David Sommeil

Personal information
- Full name: David Laurent Sommeil
- Date of birth: 10 August 1974 (age 51)
- Place of birth: Pointe-à-Pitre, Guadeloupe, France
- Height: 1.79 m (5 ft 10 in)
- Position(s): Centre-back

Youth career
- 1992–1993: Saint-Lô
- 1993: Caen

Senior career*
- Years: Team / Apps / (Gls)
- 1993–1998: Caen / 119 / (1)
- 1998–2000: Rennes / 64 / (1)
- 2000–2002: Bordeaux / 77 / (1)
- 2002–2006: Manchester City / 49 / (4)
- 2004: → Marseille (loan) / 13 / (0)
- 2006–2007: Sheffield United / 5 / (0)
- 2007–2008: Valenciennes / 20 / (0)
- Total:  / 347 / (7)

International career
- 2007: Guadeloupe / 8 / (0)

= David Sommeil =

Guadeloupean footballer (born 1974)

David Laurent Sommeil (born 10 August 1974) is a Guadeloupean former professional footballer who played as a defender.

He played his entire career in France and England, beginning with Caen and later Rennes and Bordeaux. He then played in the Premier League for both Manchester City and Sheffield United that was separated by a loan spell back in Ligue 1 with Marseille, before retiring in 2008 with Valenciennes. He was capped eight times by the Guadeloupe national team and played in the 2007 CONCACAF Gold Cup.

==Career==
Born in Pointe-à-Pitre, Guadeloupe, Sommeil started his career with non-league Saint-Lô before turning professional with SM Caen, making his professional debut on 8 February 1994 against Le Havre AC. He subsequently played for Rennes before coming to prominence with Bordeaux, where he was capped by France at 'B' level.

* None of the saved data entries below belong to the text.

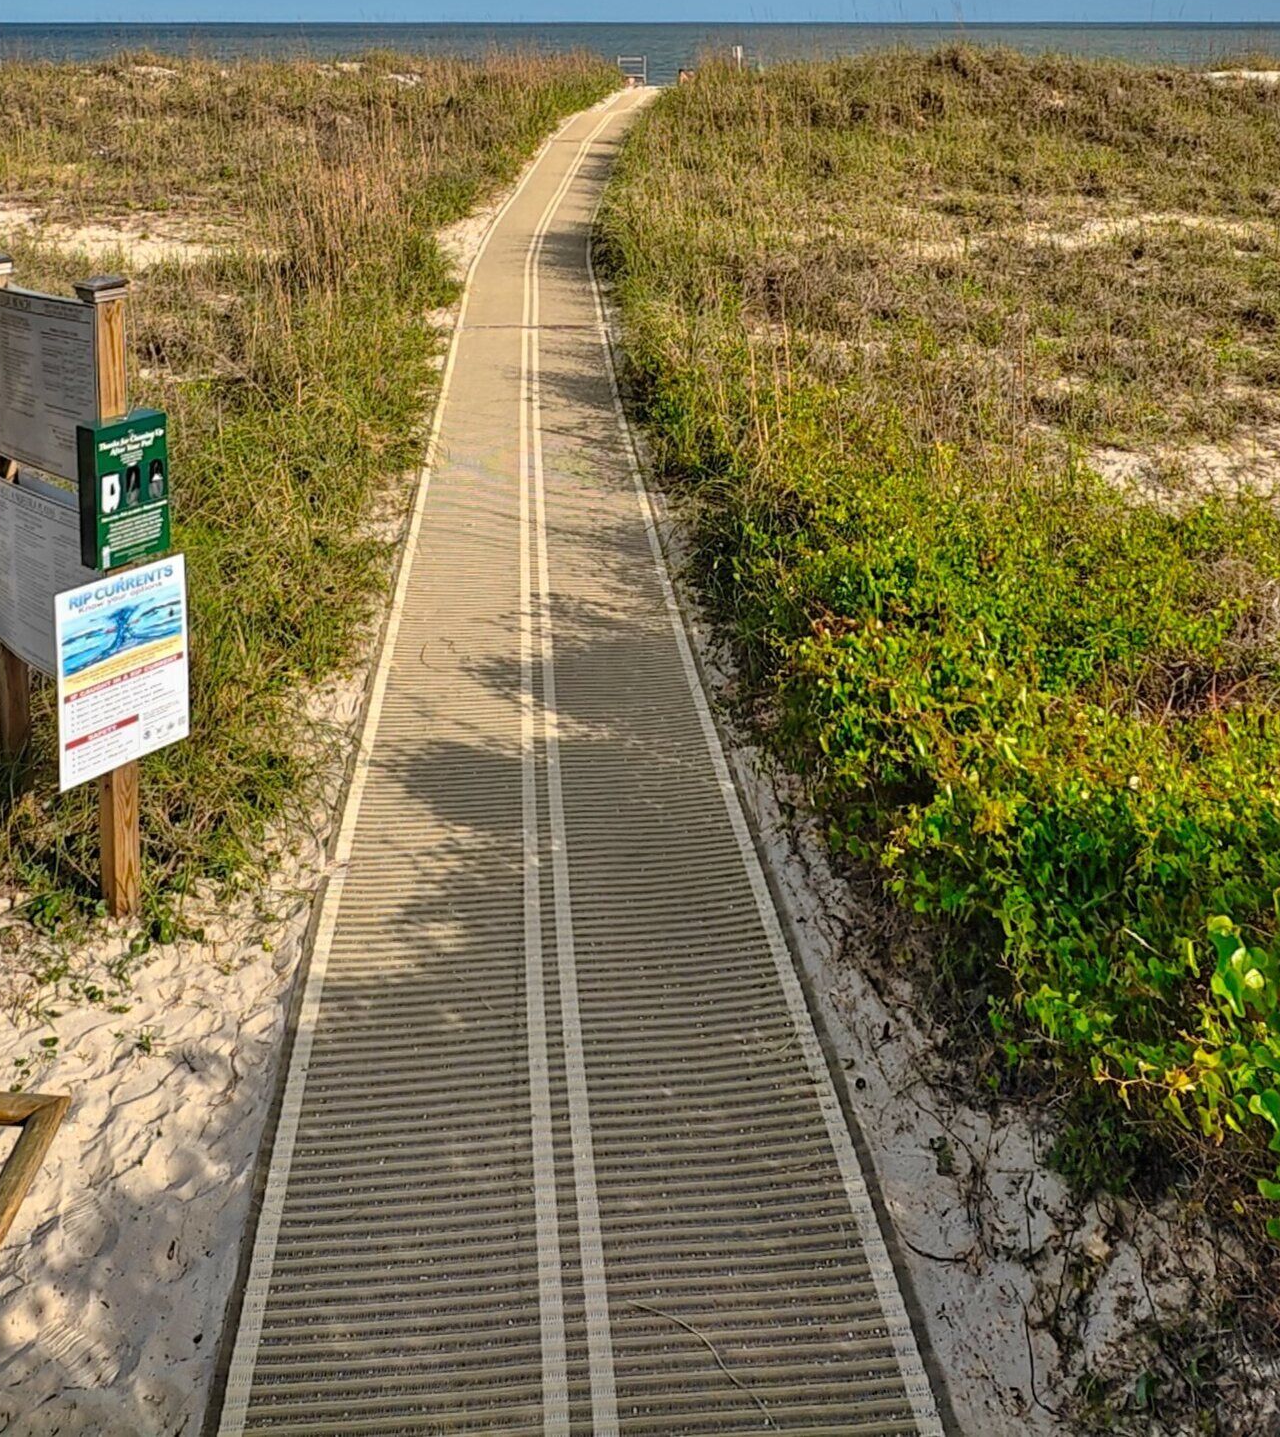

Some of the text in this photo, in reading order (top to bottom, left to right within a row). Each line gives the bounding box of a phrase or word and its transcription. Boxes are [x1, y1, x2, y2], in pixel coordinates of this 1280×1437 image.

[68, 564, 174, 610] RIP CURRENTS
[78, 582, 163, 614] Know your options
[69, 693, 79, 701] IF
[79, 680, 112, 698] CAUGHT
[112, 676, 122, 684] IN
[129, 669, 142, 678] RIP
[143, 655, 178, 673] CURRENT
[87, 724, 118, 741] SAFETY
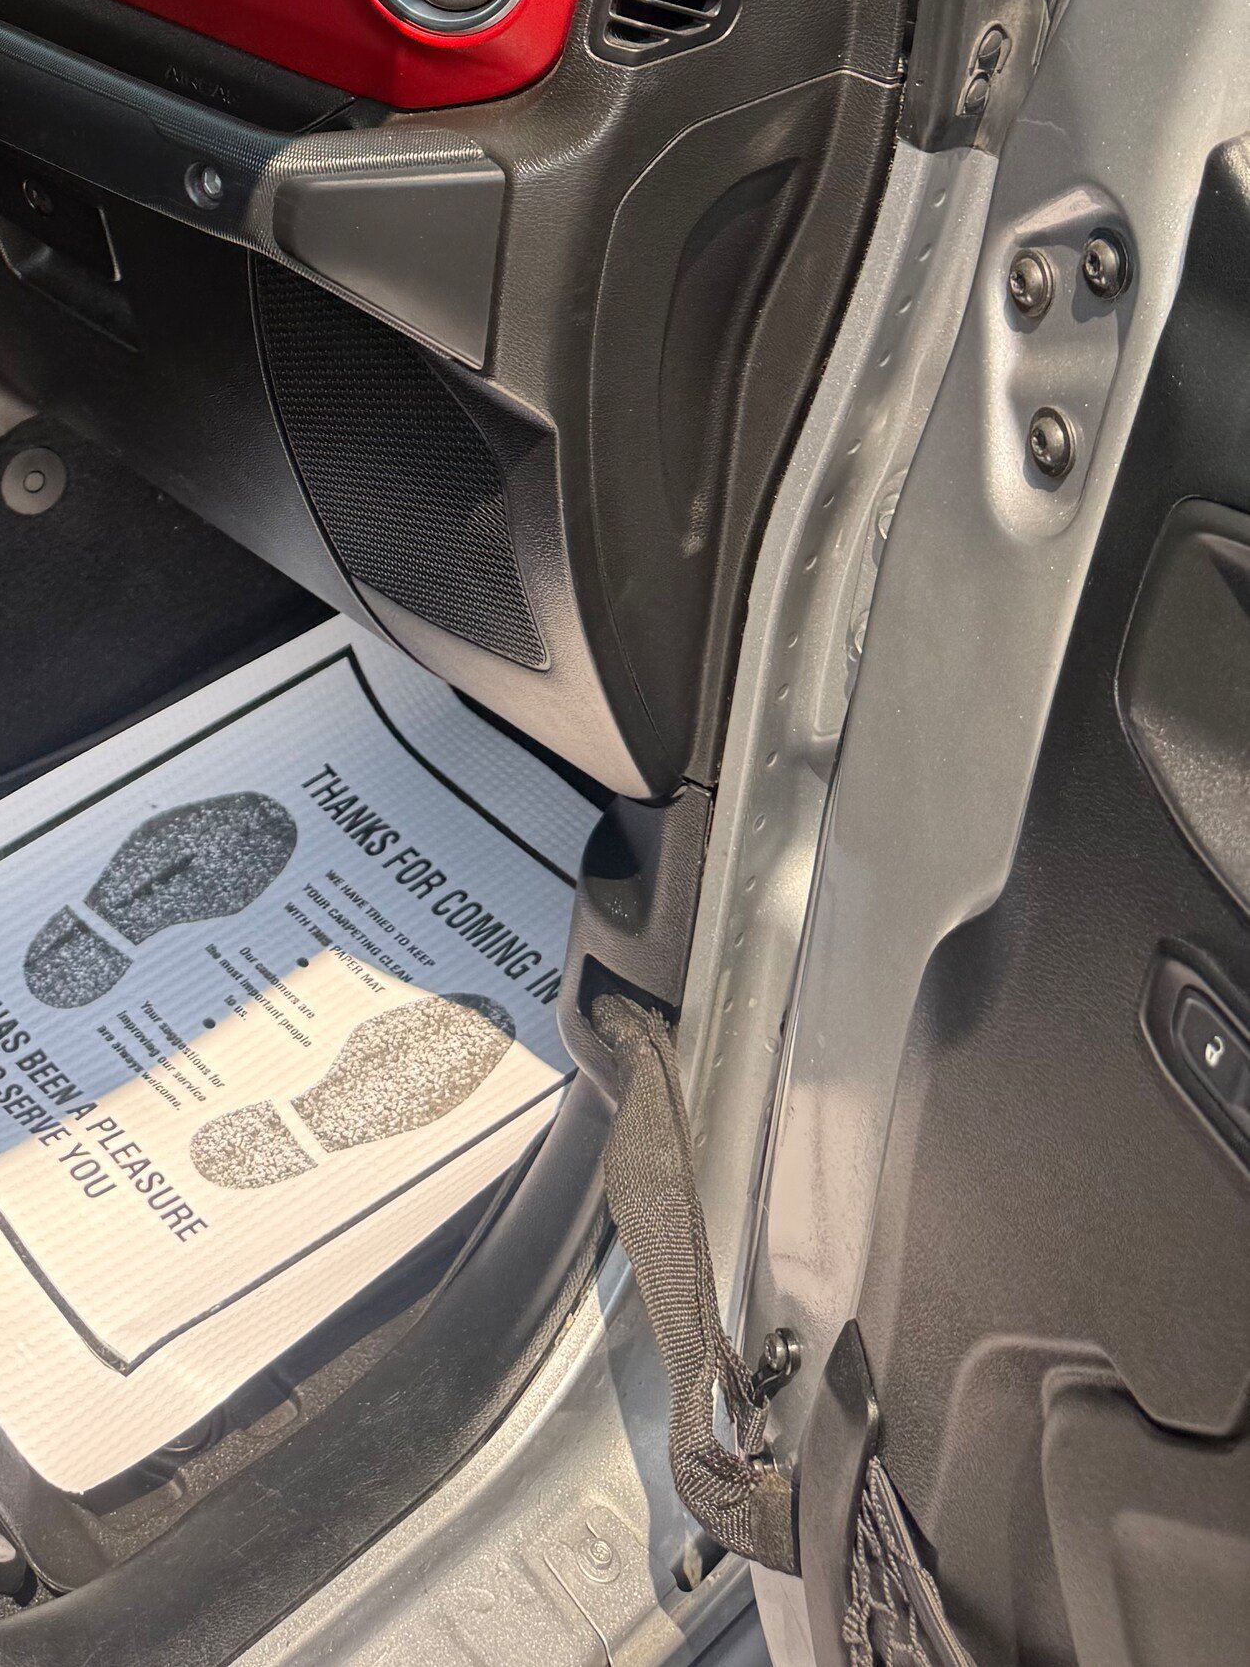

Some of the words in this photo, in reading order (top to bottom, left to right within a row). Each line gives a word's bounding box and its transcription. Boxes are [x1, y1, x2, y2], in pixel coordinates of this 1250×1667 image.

Sommeil was signed by Kevin Keegan for Manchester City in January 2003, signing a three-and-a-half-year contract for a fee of £3 million. Despite an initial run of first team games and being the first Manchester City player to score a league goal at the City of Manchester Stadium in the opening home game of the 2003–04 season, Sommeil lost his place in January and had limited playing for the next two seasons.

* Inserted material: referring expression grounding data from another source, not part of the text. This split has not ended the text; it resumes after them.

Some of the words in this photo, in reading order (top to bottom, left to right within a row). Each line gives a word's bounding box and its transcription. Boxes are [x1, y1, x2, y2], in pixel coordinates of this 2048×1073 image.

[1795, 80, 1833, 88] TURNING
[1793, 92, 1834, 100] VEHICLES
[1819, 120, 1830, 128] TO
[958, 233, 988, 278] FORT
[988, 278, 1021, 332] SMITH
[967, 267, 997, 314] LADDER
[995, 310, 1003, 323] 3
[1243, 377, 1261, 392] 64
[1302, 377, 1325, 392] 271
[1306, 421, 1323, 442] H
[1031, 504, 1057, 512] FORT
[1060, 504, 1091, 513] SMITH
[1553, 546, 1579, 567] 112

In February 2004, he joined Olympique Marseille on loan, in a deal that brought Daniel Van Buyten to England on loan in exchange. He returned to City for the start of the 2004–05 season but was dogged by injuries during the season and only managed two appearances. Sommeil played in just 16 games in 2005–06, partly due to a fractured cheek bone, forcing him to wear a protective mask on his return, and also due to a three-game ban for a challenge on Tottenham Hotspur's Lee Young-Pyo.

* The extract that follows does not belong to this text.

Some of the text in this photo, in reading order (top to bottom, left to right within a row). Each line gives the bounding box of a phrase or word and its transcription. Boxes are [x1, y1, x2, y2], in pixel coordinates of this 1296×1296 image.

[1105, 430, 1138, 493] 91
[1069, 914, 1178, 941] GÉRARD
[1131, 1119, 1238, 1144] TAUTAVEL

Out of contract in May 2006, after less than 50 games for City, he was one of ten players released by Manchester City, but made a quick return to the Premier League when he signed a two-year contract with newly promoted Sheffield United on 24 May 2006. Sommeil made just five league appearances for the club following his move from Manchester City.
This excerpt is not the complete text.